*WHAT THE EXERCISE ASKS*: Each record here should be printed again exactly; please leave its pictures out.

*Data items*:
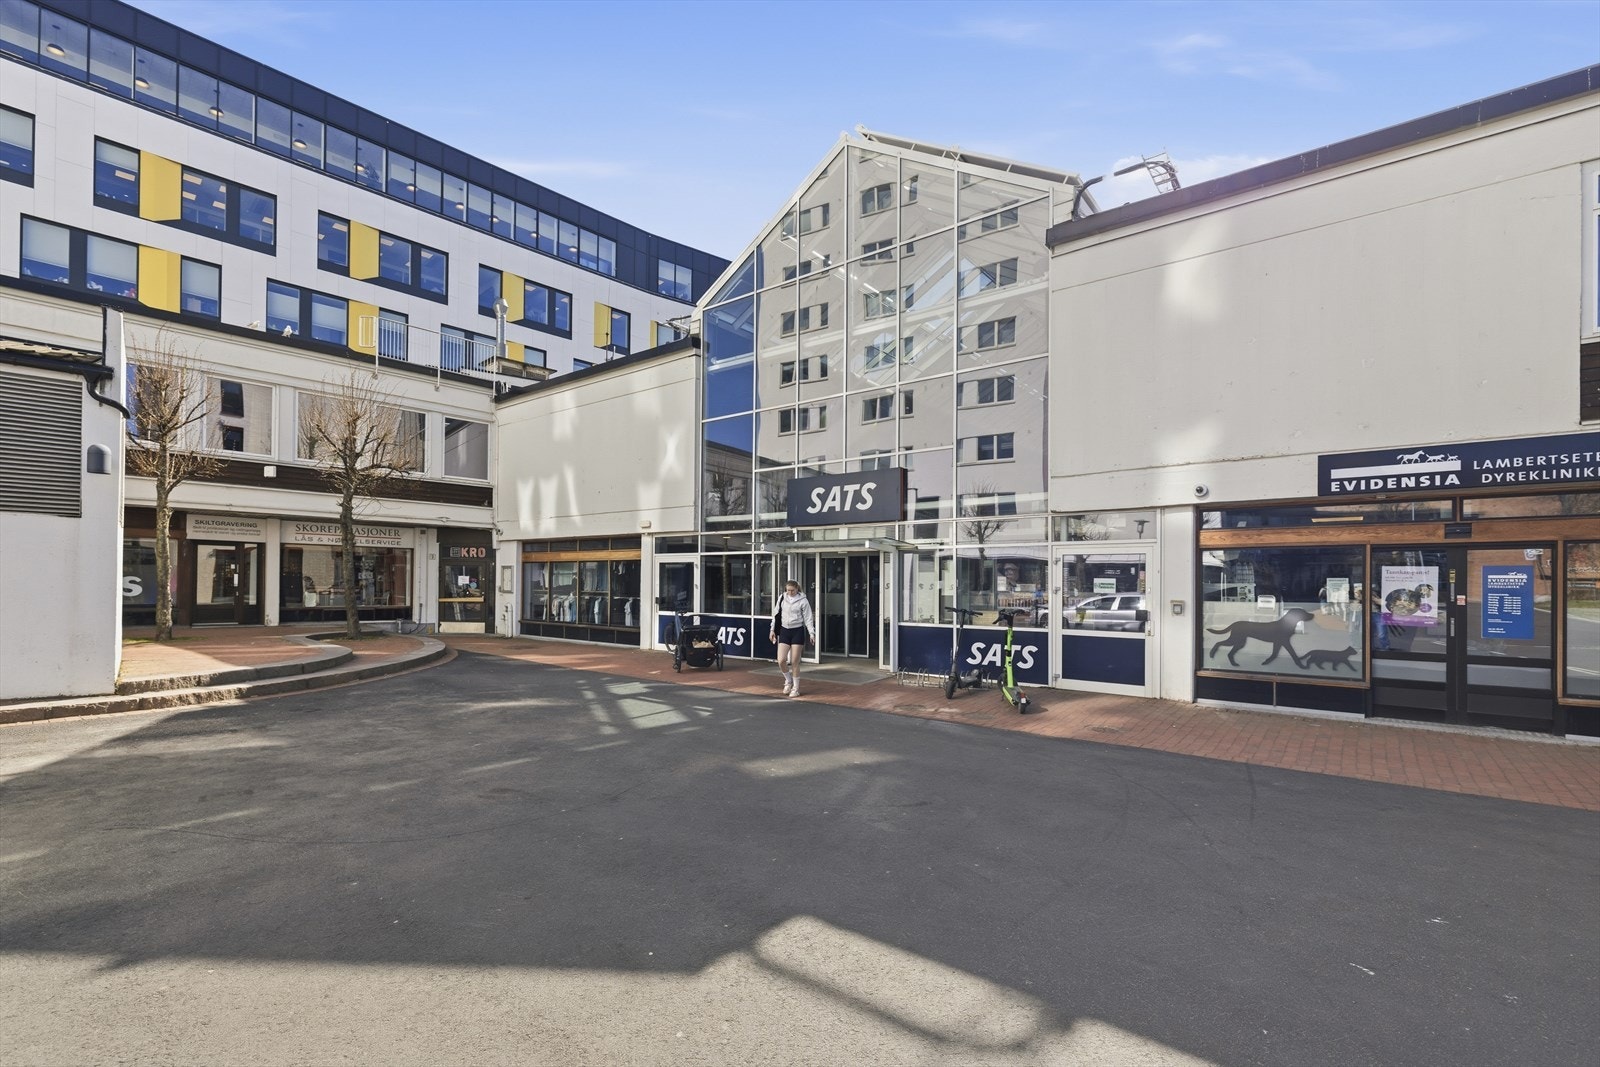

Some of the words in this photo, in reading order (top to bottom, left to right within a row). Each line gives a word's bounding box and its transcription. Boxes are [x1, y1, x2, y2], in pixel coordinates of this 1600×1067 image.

[1481, 466, 1600, 483] DYREKLINIK
[1330, 473, 1460, 492] EVIDENSIA
[806, 482, 877, 514] SATS
[194, 519, 258, 528] SKILTGRAVERING
[295, 523, 401, 537] SKOREPASJONER
[327, 537, 402, 546] NØELSERVICE
[461, 547, 486, 558] KRO
[716, 626, 746, 646] ATS
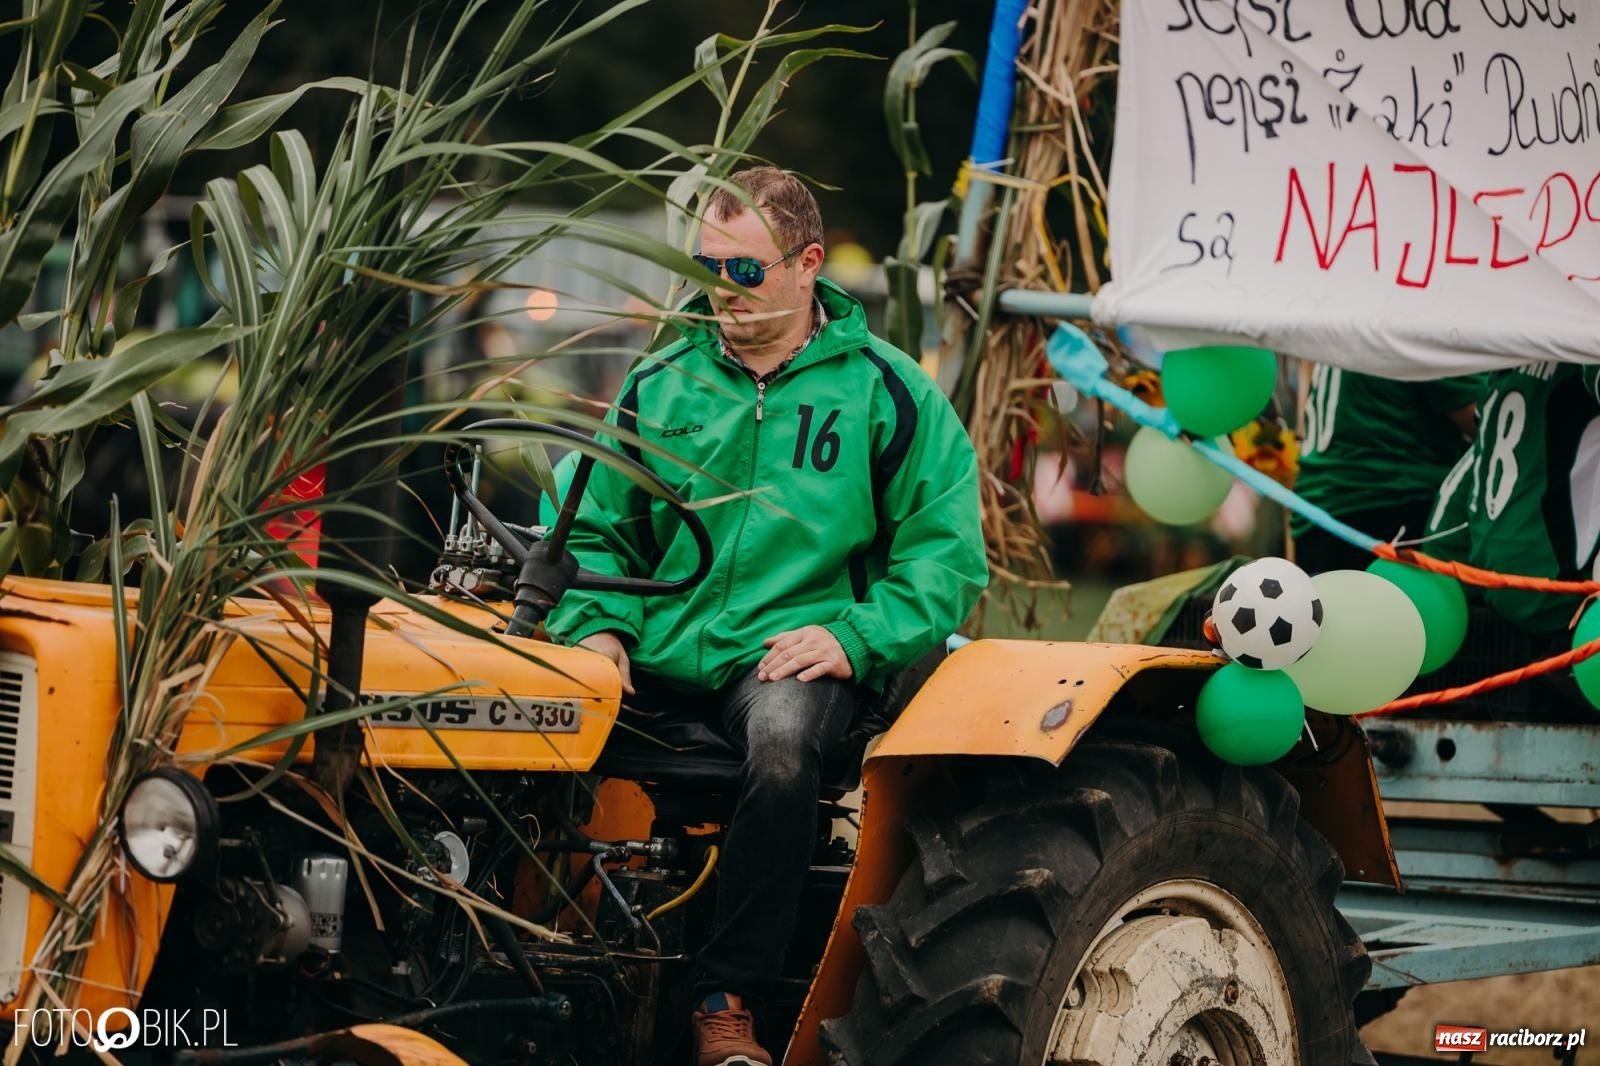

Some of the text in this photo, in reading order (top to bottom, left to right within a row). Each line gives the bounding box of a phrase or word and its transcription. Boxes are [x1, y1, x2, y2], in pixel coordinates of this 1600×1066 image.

[1175, 60, 1309, 184] pepsi
[1485, 43, 1600, 155] Rudn
[661, 424, 704, 438] COLO
[792, 404, 842, 473] 16

*SOLUTION FOR THIS PROBLEM*:
Some of the words in this photo, in reading order (top to bottom, left to right within a row). Each line gives a word's bounding box and its transcription. Boxes are [x1, y1, x2, y2], in pixel coordinates of this 1600×1067 image.

[1481, 466, 1600, 483] DYREKLINIK
[1330, 473, 1460, 492] EVIDENSIA
[806, 482, 877, 514] SATS
[194, 519, 258, 528] SKILTGRAVERING
[295, 523, 401, 537] SKOREPASJONER
[327, 537, 402, 546] NØELSERVICE
[461, 547, 486, 558] KRO
[716, 626, 746, 646] ATS

Some of the text in this photo, in reading order (top to bottom, left to right within a row). Each line gives the bounding box of a phrase or word and its transcription. Boxes are [x1, y1, x2, y2], in pixel coordinates of this 1600×1066 image.

[1175, 60, 1309, 184] pepsi
[1485, 43, 1600, 155] Rudn
[661, 424, 704, 438] COLO
[792, 404, 842, 473] 16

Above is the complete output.